A mediodía un soldado grita que ha descubierto un nuevo cuerpo sin vida, un hombre de unos 41 años. Una hora después aún queda una mano del desgraciado por liberar. Unos metros más lejos un bombero anuncia que ha aparecido otro cadáver, esta vez de mujer.
Unos 40 bomberos y soldados, subidos en un promontorio de unos diez metros de altura de vigas retorcidas y objetos machacados, comienza a tirar con todas sus fuerzas de aquella parte del cuerpo de la mujer que han podido agarrar. Otros grupos, de vecinos supongo, recogen todos los objetos que encuentran: calentadores eléctricos, colchones, trozos de ropa, alfombras, agendas y cuadernos.

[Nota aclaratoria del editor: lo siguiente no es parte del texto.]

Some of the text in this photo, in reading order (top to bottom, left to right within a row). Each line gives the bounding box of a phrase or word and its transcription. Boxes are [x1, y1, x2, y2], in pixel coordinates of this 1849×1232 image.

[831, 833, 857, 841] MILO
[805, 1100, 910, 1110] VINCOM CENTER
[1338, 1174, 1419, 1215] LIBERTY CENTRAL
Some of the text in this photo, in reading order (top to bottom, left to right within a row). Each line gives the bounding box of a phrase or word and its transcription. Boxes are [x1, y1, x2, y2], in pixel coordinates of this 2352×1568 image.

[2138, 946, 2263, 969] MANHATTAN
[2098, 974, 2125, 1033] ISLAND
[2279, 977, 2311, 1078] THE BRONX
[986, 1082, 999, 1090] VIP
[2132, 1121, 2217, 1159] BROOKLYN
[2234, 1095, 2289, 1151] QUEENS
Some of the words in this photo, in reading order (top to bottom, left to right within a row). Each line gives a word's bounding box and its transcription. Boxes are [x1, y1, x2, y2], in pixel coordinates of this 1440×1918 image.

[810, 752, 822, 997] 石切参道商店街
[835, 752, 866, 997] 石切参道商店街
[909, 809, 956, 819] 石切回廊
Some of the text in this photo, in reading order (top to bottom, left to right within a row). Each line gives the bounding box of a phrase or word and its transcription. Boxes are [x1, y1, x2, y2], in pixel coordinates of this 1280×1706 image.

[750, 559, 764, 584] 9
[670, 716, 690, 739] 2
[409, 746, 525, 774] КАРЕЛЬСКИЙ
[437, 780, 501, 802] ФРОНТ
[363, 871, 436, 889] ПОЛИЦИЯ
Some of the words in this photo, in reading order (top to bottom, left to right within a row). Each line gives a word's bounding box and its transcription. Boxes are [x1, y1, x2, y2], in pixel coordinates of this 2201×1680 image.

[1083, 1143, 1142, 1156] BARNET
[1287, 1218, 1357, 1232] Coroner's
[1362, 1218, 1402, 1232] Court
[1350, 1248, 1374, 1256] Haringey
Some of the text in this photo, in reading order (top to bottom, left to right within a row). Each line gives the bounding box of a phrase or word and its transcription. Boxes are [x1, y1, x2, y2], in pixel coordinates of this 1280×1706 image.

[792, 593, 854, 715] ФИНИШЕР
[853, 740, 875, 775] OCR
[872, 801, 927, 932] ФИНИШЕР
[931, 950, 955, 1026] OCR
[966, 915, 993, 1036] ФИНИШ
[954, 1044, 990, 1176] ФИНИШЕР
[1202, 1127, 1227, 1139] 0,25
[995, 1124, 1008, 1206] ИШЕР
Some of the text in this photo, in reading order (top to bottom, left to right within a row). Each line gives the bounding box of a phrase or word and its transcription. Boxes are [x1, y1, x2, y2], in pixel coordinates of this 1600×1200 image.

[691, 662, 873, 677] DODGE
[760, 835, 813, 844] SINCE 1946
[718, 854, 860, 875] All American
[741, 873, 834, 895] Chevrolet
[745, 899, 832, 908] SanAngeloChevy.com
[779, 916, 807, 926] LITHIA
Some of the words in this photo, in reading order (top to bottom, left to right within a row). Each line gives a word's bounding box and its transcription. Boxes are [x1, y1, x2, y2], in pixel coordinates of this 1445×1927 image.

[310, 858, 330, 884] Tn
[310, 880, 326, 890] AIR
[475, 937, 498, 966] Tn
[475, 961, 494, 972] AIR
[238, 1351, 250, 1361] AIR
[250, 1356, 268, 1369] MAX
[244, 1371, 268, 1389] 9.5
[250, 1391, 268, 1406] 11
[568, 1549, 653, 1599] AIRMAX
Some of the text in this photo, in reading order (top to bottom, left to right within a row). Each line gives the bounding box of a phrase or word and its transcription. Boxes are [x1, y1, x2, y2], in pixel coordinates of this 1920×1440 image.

Todo es depositado en un camión de la policía que cada vez que se llena parte con destino desconocido, mientras las ambulancias efectúan numerosos viajes al depósito de cadáveres, donde los que han perdido a familiares intentarán identificarlos. La rueda de la vida sigue girando y si sólo se contabilizan 500 muertos es, porque como dice el almuédano cuando llama a la oración, “allah ua Akhbar”, Dios es grande.